Os ministros acompanharam o voto do relator do caso, Alexandre de Moraes, que defendeu a constitucionalidade integral da norma e de sua regulamentação. Também votaram favoravelmente os ministros Flávio Dino, Cristiano Zanin, Nunes Marques e André Mendonça.
A Lei nº 14.611/2023 estabelece mecanismos para garantir igualdade salarial e de critérios remuneratórios entre homens e mulheres que exercem a mesma função. Entre as medidas previstas está a obrigatoriedade de empresas com mais de 100 funcionários divulgarem, semestralmente, relatórios de transparência salarial.
A legislação também prevê multas para empresas que praticarem discriminação salarial por motivo de gênero, raça, etnia, origem ou idade. Em caso de desigualdade comprovada, as companhias poderão ser obrigadas a apresentar planos de ação para corrigir as distorções identificadas.
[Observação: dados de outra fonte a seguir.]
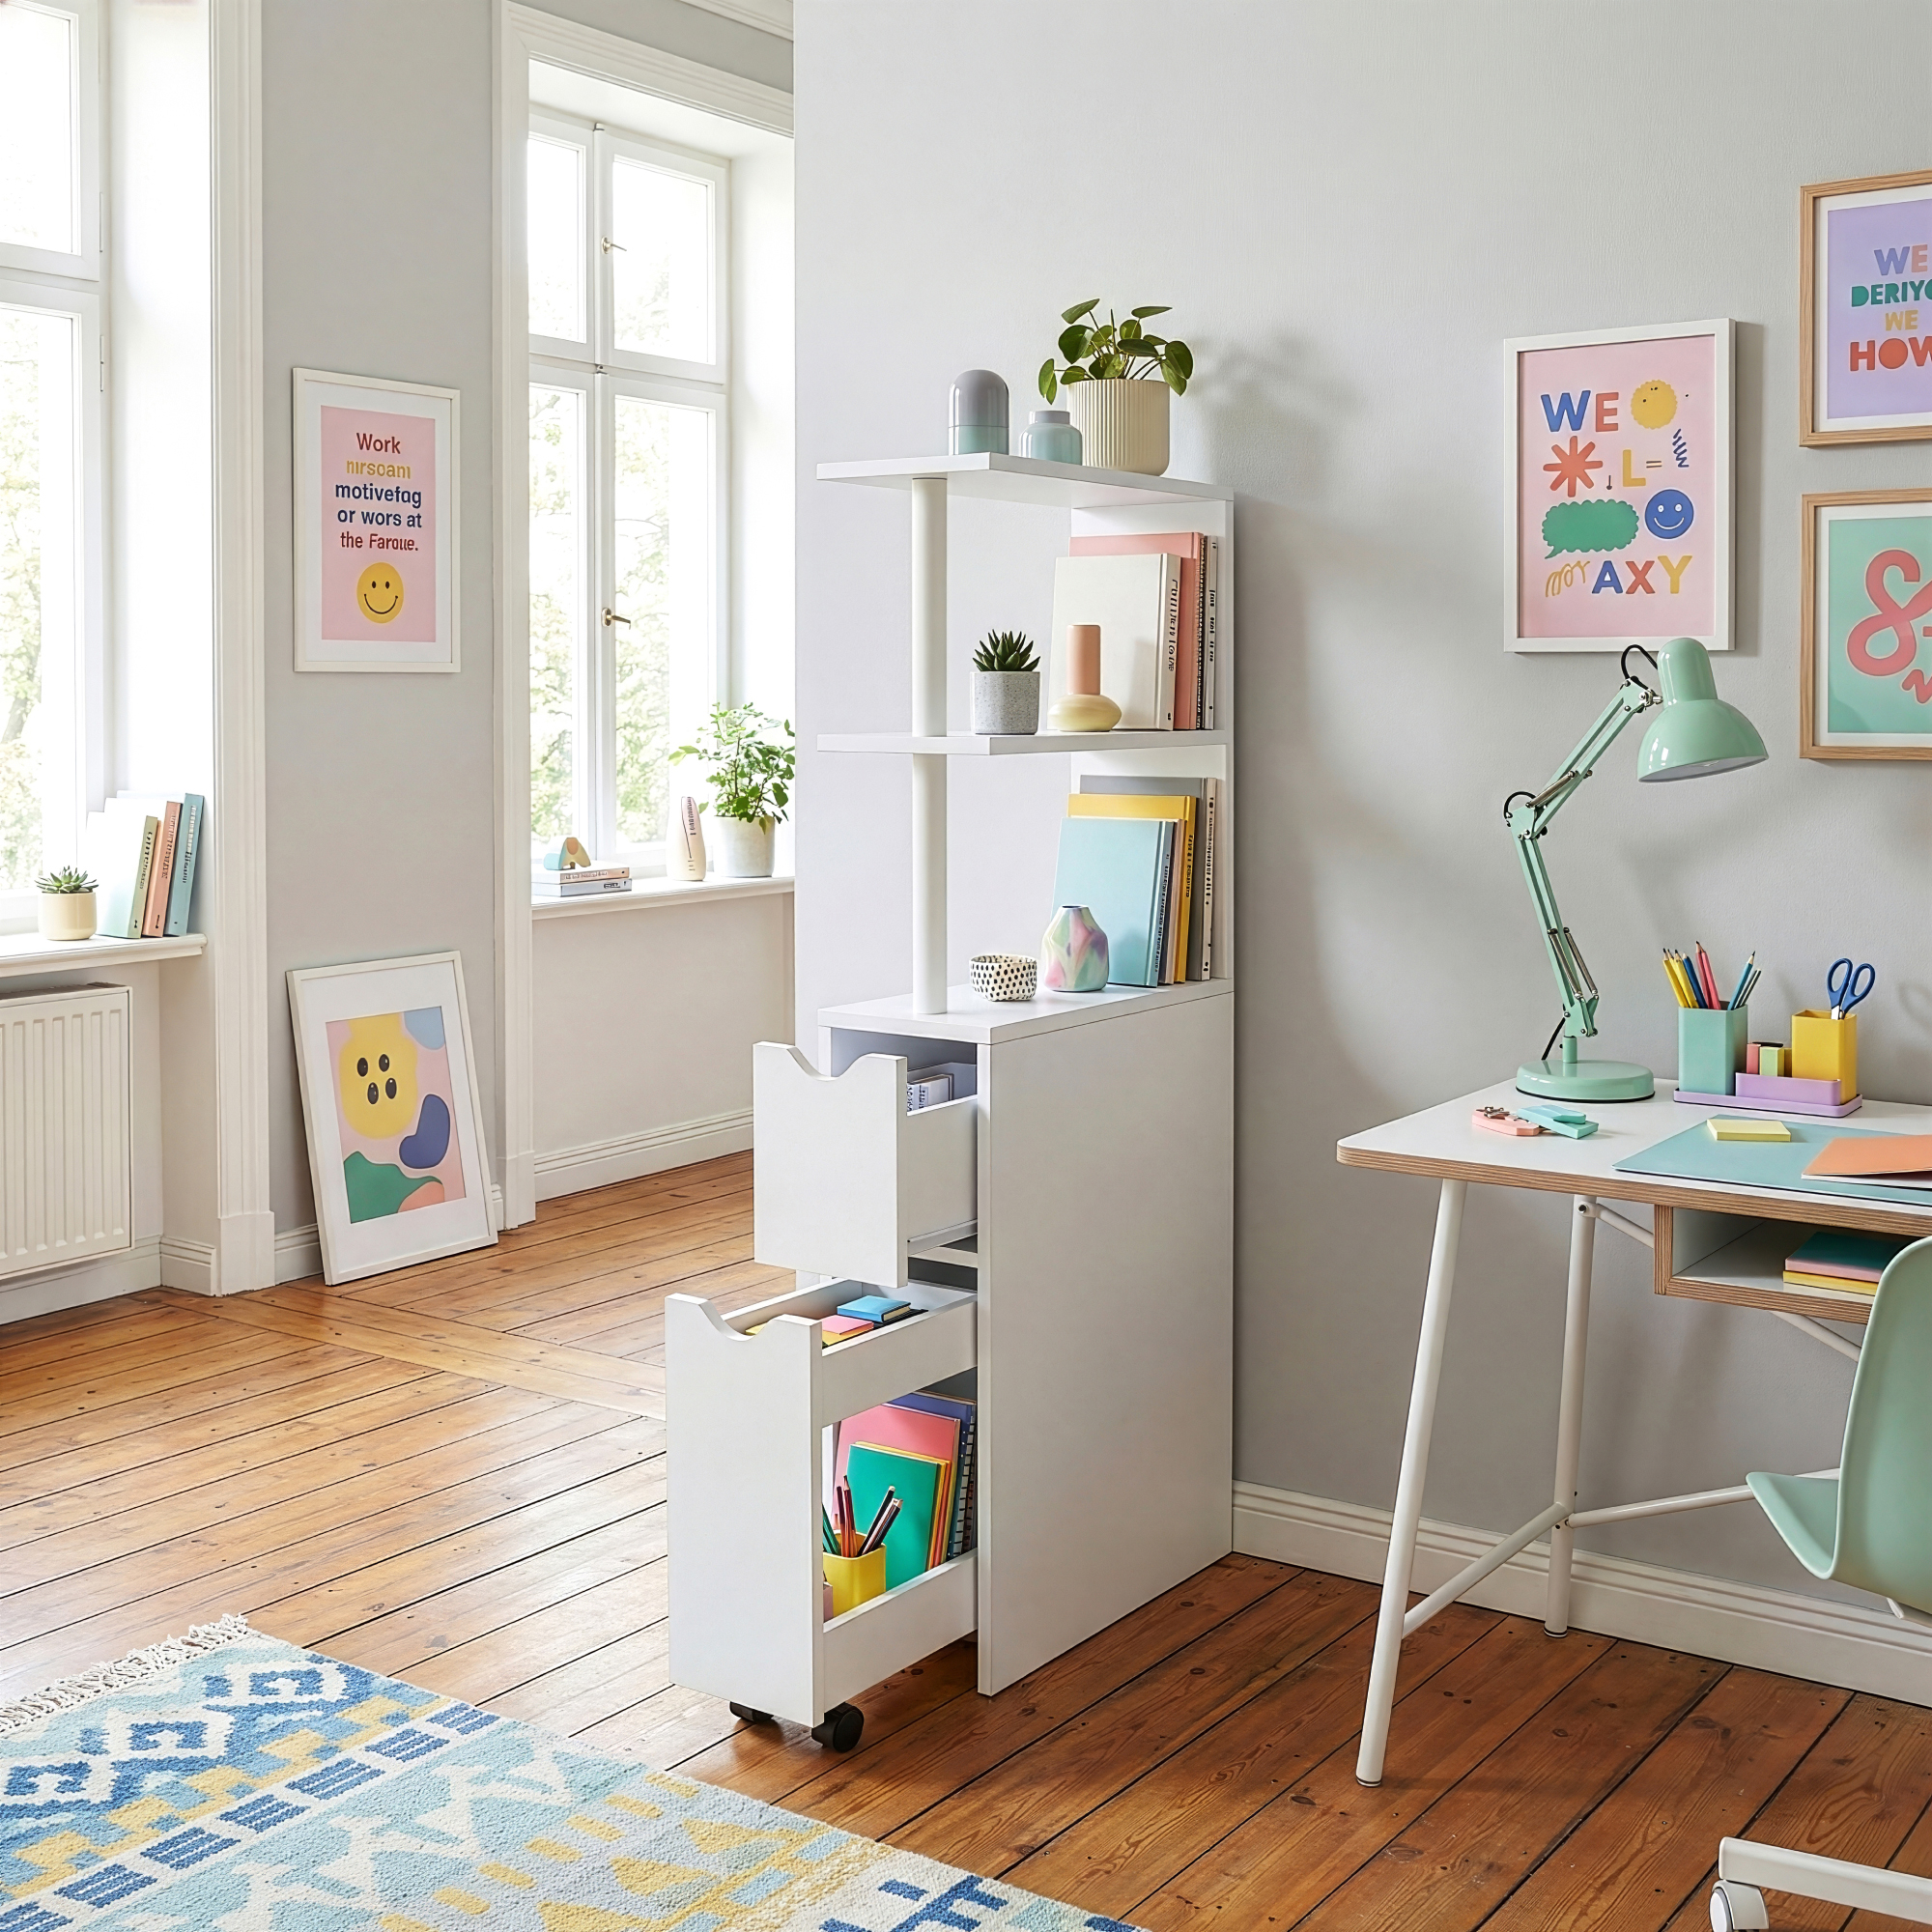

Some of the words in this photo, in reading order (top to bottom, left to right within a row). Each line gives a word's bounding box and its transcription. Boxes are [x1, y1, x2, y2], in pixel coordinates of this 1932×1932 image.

[1874, 244, 1928, 276] WE
[1885, 309, 1918, 331] WE
[1541, 389, 1619, 433] WE
[356, 432, 401, 454] Work
[337, 509, 356, 524] or
[360, 510, 402, 526] wors
[407, 513, 422, 528] at
[340, 530, 363, 549] the
[1591, 554, 1693, 595] AXY
Durante o julgamento, Alexandre de Moraes afirmou que a desigualdade salarial representa uma “flagrante discriminação de gênero” ainda presente no mercado de trabalho brasileiro. Segundo o ministro, homens continuam recebendo salários superiores mesmo exercendo as mesmas funções que mulheres.
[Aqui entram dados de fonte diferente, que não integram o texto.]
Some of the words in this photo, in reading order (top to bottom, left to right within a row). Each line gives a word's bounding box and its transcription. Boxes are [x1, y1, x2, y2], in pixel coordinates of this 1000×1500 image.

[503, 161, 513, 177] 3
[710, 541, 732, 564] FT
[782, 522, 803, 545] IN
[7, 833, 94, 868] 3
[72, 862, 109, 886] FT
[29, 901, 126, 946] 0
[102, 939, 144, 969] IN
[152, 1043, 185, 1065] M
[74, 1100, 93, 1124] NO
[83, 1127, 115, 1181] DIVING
As ações analisadas pelo STF haviam sido apresentadas pelo partido Novo e pela Confederação Nacional da Indústria (CNI), que questionavam principalmente a divulgação de relatórios salariais e possíveis impactos sobre dados considerados estratégicos das empresas. Já a Central Única dos Trabalhadores (CUT) defendia a manutenção da norma, alegando que a legislação fortalece mecanismos de combate à desigualdade histórica no mercado de trabalho.
Durante a sessão, ministros demonstraram preocupação com a proteção de dados pessoais dos trabalhadores nos relatórios divulgados pelas empresas. Moraes acolheu as ponderações e indicou que o acórdão deixará claro que as empresas não poderão ser responsabilizadas caso normas infralegais permitam exposição indevida de dados protegidos por lei.
Em nota divulgada após a decisão, o ministro do Trabalho e Emprego, Luiz Marinho, afirmou que o entendimento do STF representa “uma vitória para as mulheres brasileiras e para a construção de um mercado de trabalho mais justo e igualitário”.